Pablo e Irene son los superempollones del Congreso. Él tiene dos carreras y un premio extraordinario por notazas. Vivió en Cambridge gracias a una beca. Ella, otra con querencia por los sobresalientes, rechazó Harvard (pero el de verdad, no un ratito en Aravaca como Casado) por Podemos. Ambos se afiliaron al comunismo en esa época de la adolescencia en la que otros luchábamos por caminar con dignidad sobre unos tacones o por llegar un rato más tarde a casa.

Esta izquierda de barrio humilde madrileño estaba condenada a entenderse y a quererse. Hoy dirigen con mano firme un partido que ha perdido fuelle y votantes en pocos años, mientras ellos han perdido frescura y coherencia por culpa de un chalet. "Se jodió el Perú a la altura de Galapagar", escribió el periodista Juan Carlos Escudier. Montero e Iglesias han formado una familia numerosa en una etapa en la que muchos hoy siguen viviendo con sus padres. Pero ahora dice él que la casta ya no son los ricos, sino los que roban. Claro que sí.

Tiene la pareja que lidera Unidas Podemos una relación en la que apenas profesan muestras de cariño en público. Tres hijos, casa con piscina y pocos besos. Como muchas familias de derechas.

Iglesias Turrión aún no tiene cuarenta años y ha vivido varias vidas en una. Politólogo, diputado, presentador de televisión, profesor… y padre. Una profesión que se ha encargado de minutarnos con mensajes en redes sociales cargados de cursilería. Cuando anunció el primer embarazo de los mellizos Leo y Manuel escribió unos versos de Goytisolo cantados por Paco Ibáñez. "Me llena de felicidad imaginar que intentaré dormir a mis hijos cantándoselo contigo, Irene", dijo. Su reciente hija, Aitana, tiene ese nombre "como homenaje al exilio español y a América Latina". Que alguien les ponga Clan TV y unos cantajuegos a esos niños, por favor.

"Defender la alegría como un derecho", dice la bio de Montero en la web de Podemos. "Psicóloga valiente", la denomina el padre de sus tres hijos, que al mismo tiempo es su jefe. Un lío y un estrés notable que la hace hablar y comportarse con enorme contención, midiendo un discurso absolutamente teledirigido, como si estuviera cantando en voz alta los apuntes del examen. Siempre a la defensiva.

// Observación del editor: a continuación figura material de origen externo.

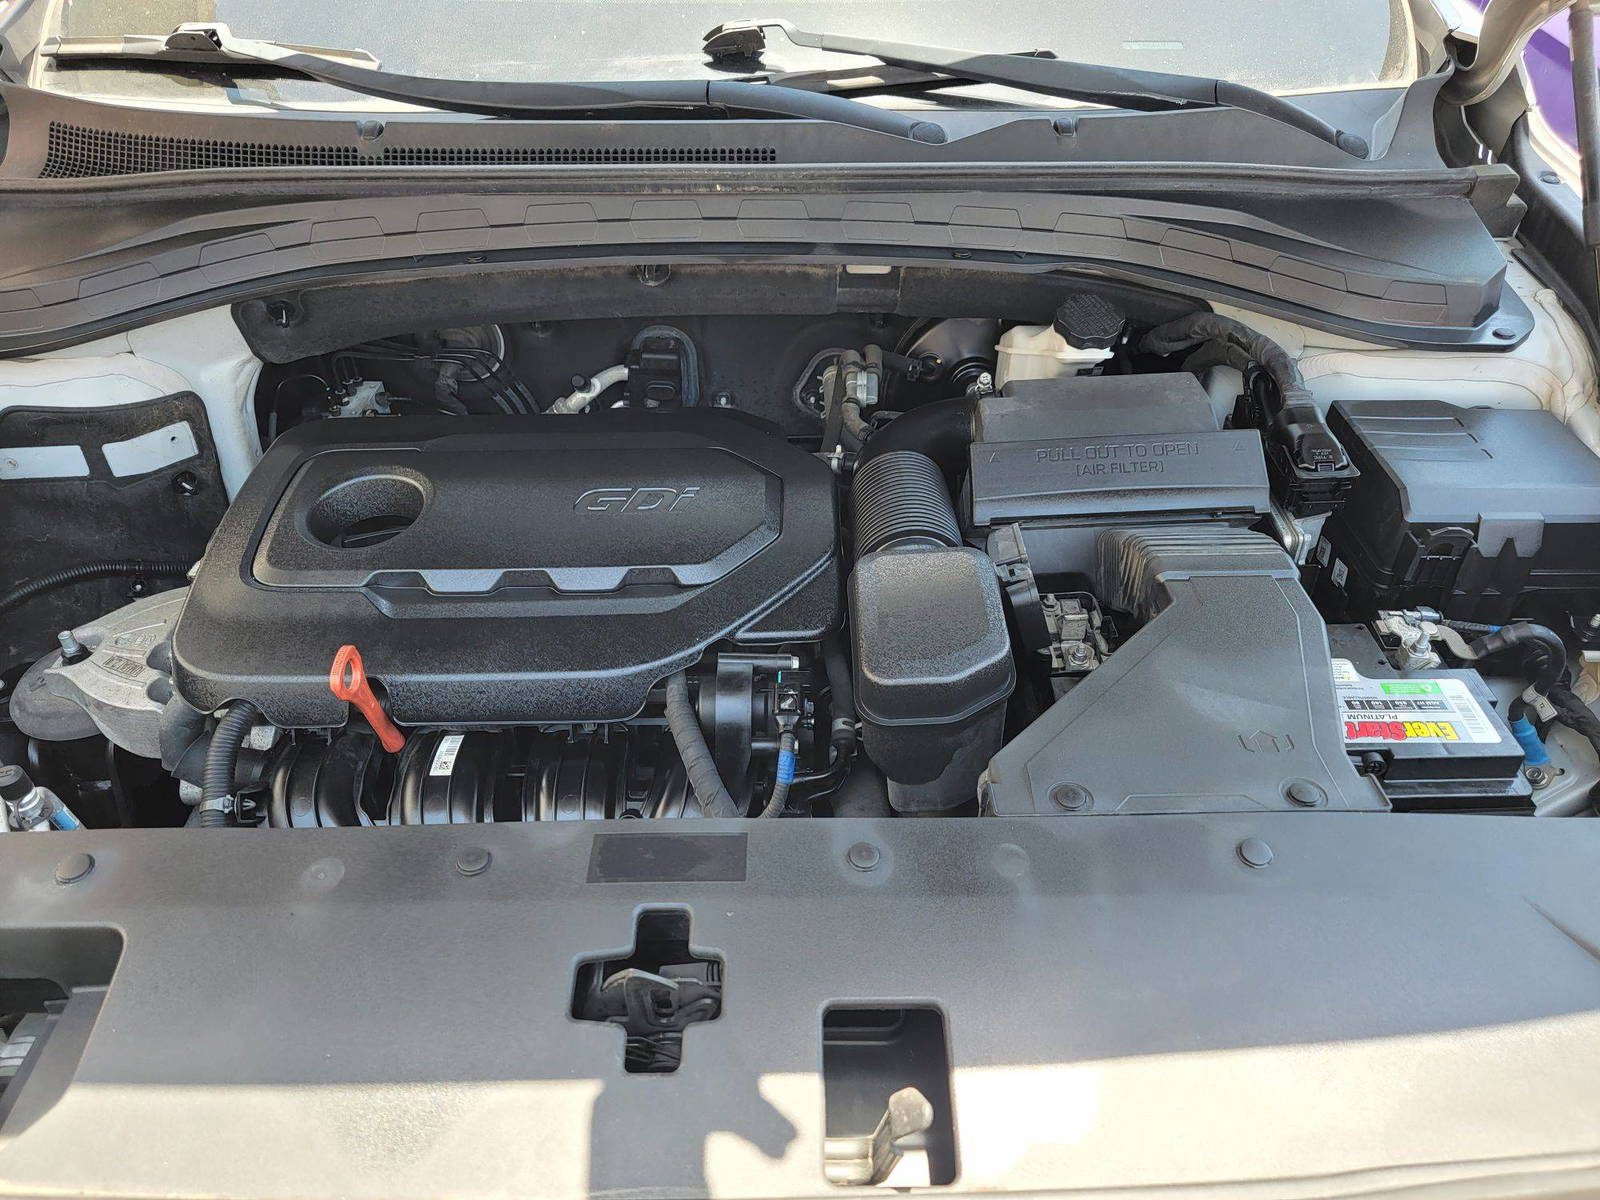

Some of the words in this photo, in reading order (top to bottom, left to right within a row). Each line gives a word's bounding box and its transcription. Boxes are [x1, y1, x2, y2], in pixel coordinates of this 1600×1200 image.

Una intuye que se da pocas concesiones y es una pena. Porque tiene apenas 30 años y necesitamos verla con el pelo suelto. Ser más la Irene que le bailó y le cantó a Thais Villa en 'El intermedio' 'Yo quiero bailar toda la noche' de Sonia y Selena, la que sabe cuándo es la temporada de la sandía. Mucho más que la que dice que sus películas favoritas son 'Amores perros' y 'La novia', la que define la maternidad como una experiencia "totalizante y colonizadora". Todo es compatible, Irene. Tú y Pablo, 'Radio Clásica' y 'La que se avecina', Lipovestsky y 'Cuore', Víctor Jara y los torreznos. Quítate el corsé de una vez, que me estoy ahogando yo contigo.

Irene Montero y Pablo Iglesias: se les gastó el discurso de tanto usarlo

El Iglesias de hoy ha dejado de rapear y habla bajito, aunque mantiene el aura de hiperlíder con la que nació en política. O conmigo sin matices o te vas. Es un lobo con piel de pastor protestante que se ha dejado demasiados amigos y socios por el camino. Sigue con la coleta por hidratar y la camisa por planchar. Su oratoria alterna el populismo con cierta espesura que mantiene de los tiempos de la docencia, cuando había que parecer no solo listo, sino pomposo. Hoy parece un mediador de conflictos de la ONU, aunque se ha encontrado con el hueso durísimo de Pedro Sánchez, con el que mantiene un pulso pasivo-agresivo que parece que nos llevará a repetir elecciones. Es muy probable que ambos salgan perdiendo. Por torpes y por tercos.

Tampoco Montero e Iglesias deben dejarse llevar por las alegrías de su expediente académico. Se alimentaron del populismo y del descontento y esa merienda la tiene hoy un señor que monta a caballo. Son los que meten en el discurso lo que de verdad importa: la educación, la sanidad, los cuidados, el empleo y la vivienda, mucho más importante para el votante que madruga que la ley, el orden y la unidad de España.

Pero ese discurso está agotado. Los que salieron a las calles aquel 15-M a proclamar la desobediencia siguen sin tener una casa con piscina y alternan trabajos precarios. Sí se puede, dicen ambos siempre que pueden. La casta, que tiene un coste.